▶ TRY IT:
Your copy should match the records exactly, except that no pictures appear in it.

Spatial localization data
= = =

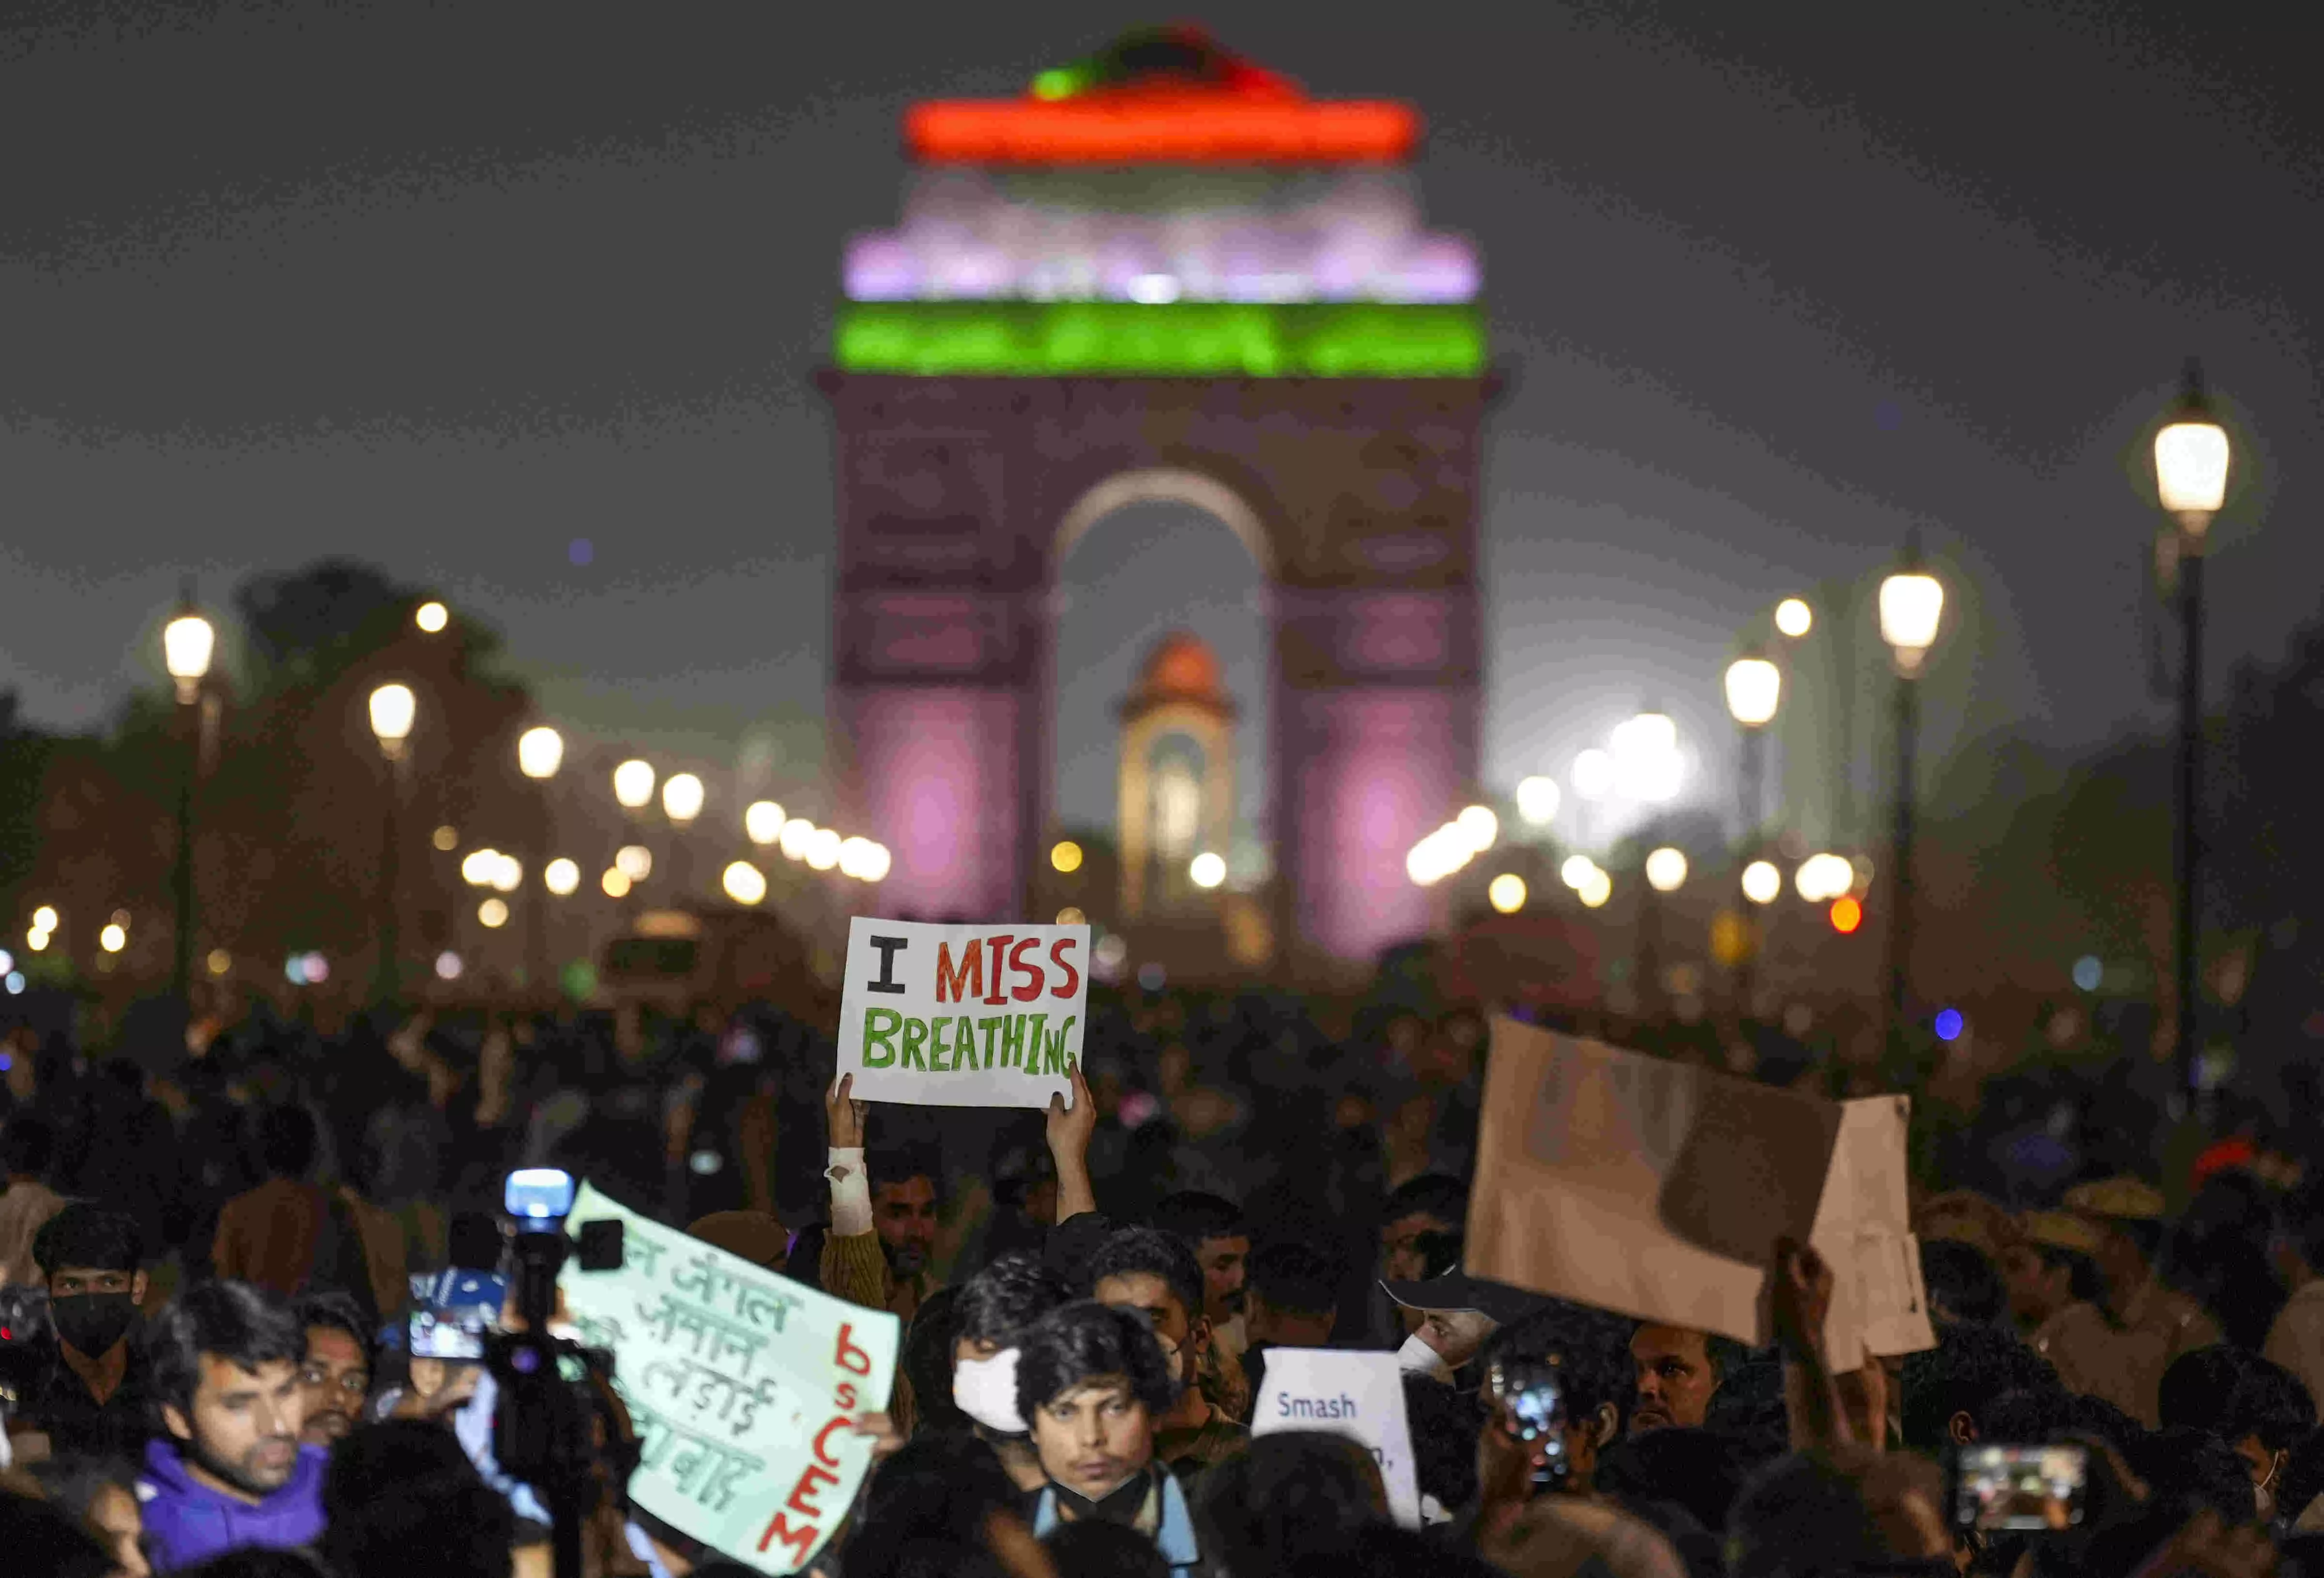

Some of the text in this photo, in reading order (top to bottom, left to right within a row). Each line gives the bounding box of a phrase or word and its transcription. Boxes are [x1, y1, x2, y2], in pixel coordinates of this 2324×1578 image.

[867, 935, 1079, 1005] I MISS
[862, 1007, 1076, 1079] BREATHING
[1277, 1391, 1356, 1419] Smash
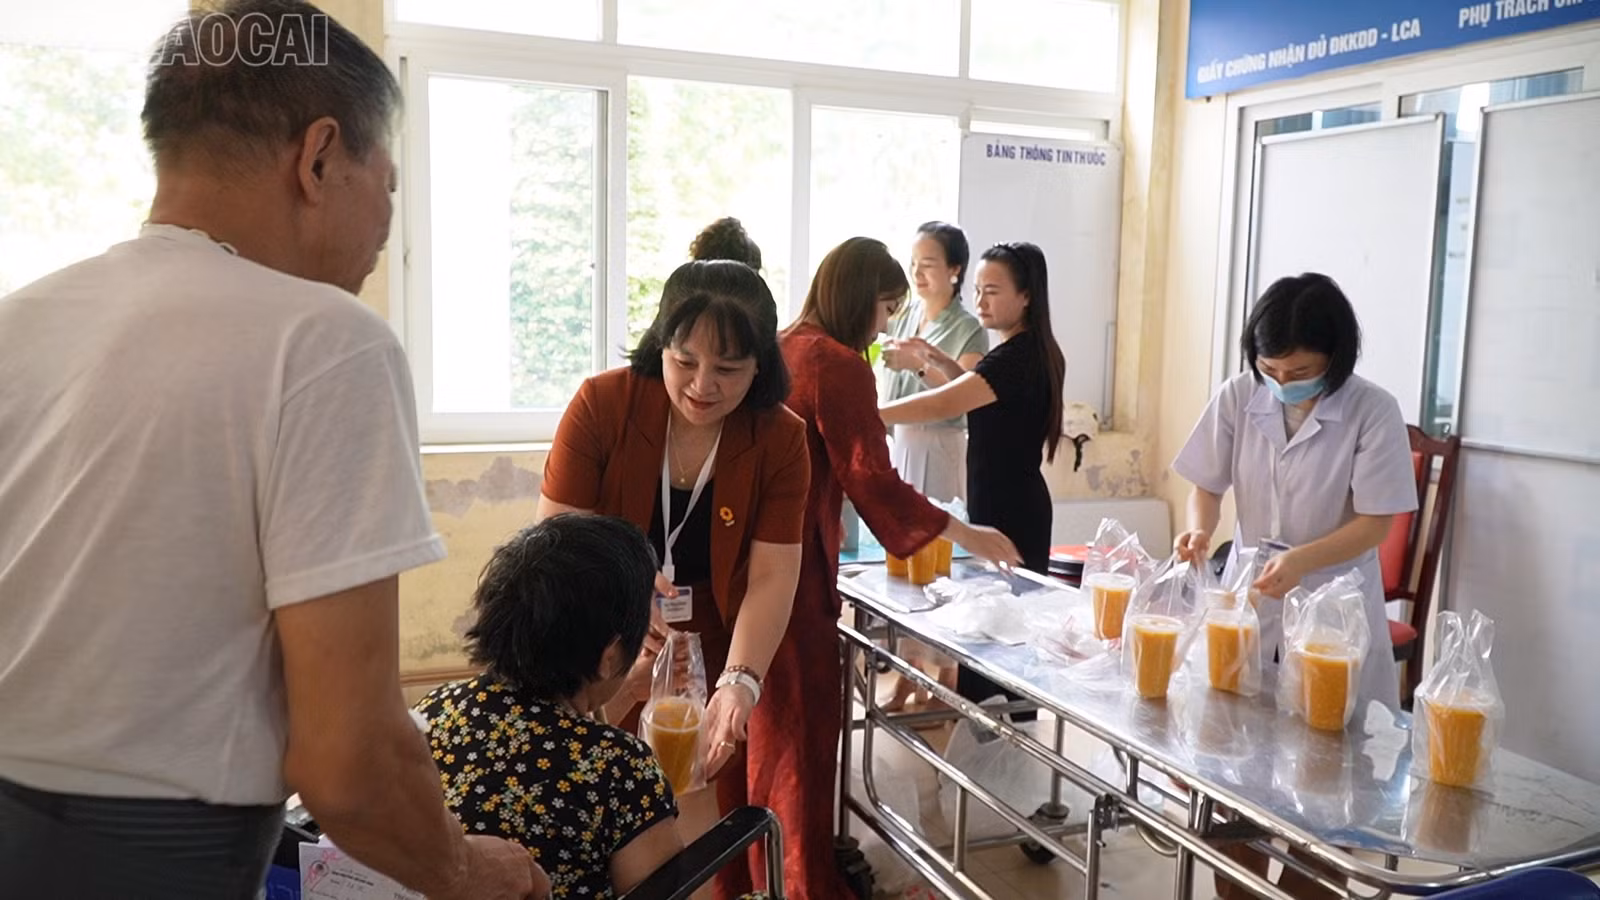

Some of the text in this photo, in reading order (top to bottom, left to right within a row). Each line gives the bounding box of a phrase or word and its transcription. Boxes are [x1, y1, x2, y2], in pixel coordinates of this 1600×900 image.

[1458, 3, 1491, 28] PHỤ
[1391, 18, 1421, 42] LCA
[986, 139, 1016, 159] BẢNG
[1020, 144, 1053, 162] THÔNG

= = =

▶ TASK OUTPUT:
Some of the text in this photo, in reading order (top to bottom, left to right within a row). Each line gives the bounding box of a phrase or word and its transcription. Boxes are [x1, y1, x2, y2], in pixel coordinates of this 2324×1578 image.

[867, 935, 1079, 1005] I MISS
[862, 1007, 1076, 1079] BREATHING
[1277, 1391, 1356, 1419] Smash

Some of the text in this photo, in reading order (top to bottom, left to right within a row). Each line gives the bounding box of a phrase or word and its transcription. Boxes are [x1, y1, x2, y2], in pixel coordinates of this 1600×900 image.

[1458, 3, 1491, 28] PHỤ
[1391, 18, 1421, 42] LCA
[986, 139, 1016, 159] BẢNG
[1020, 144, 1053, 162] THÔNG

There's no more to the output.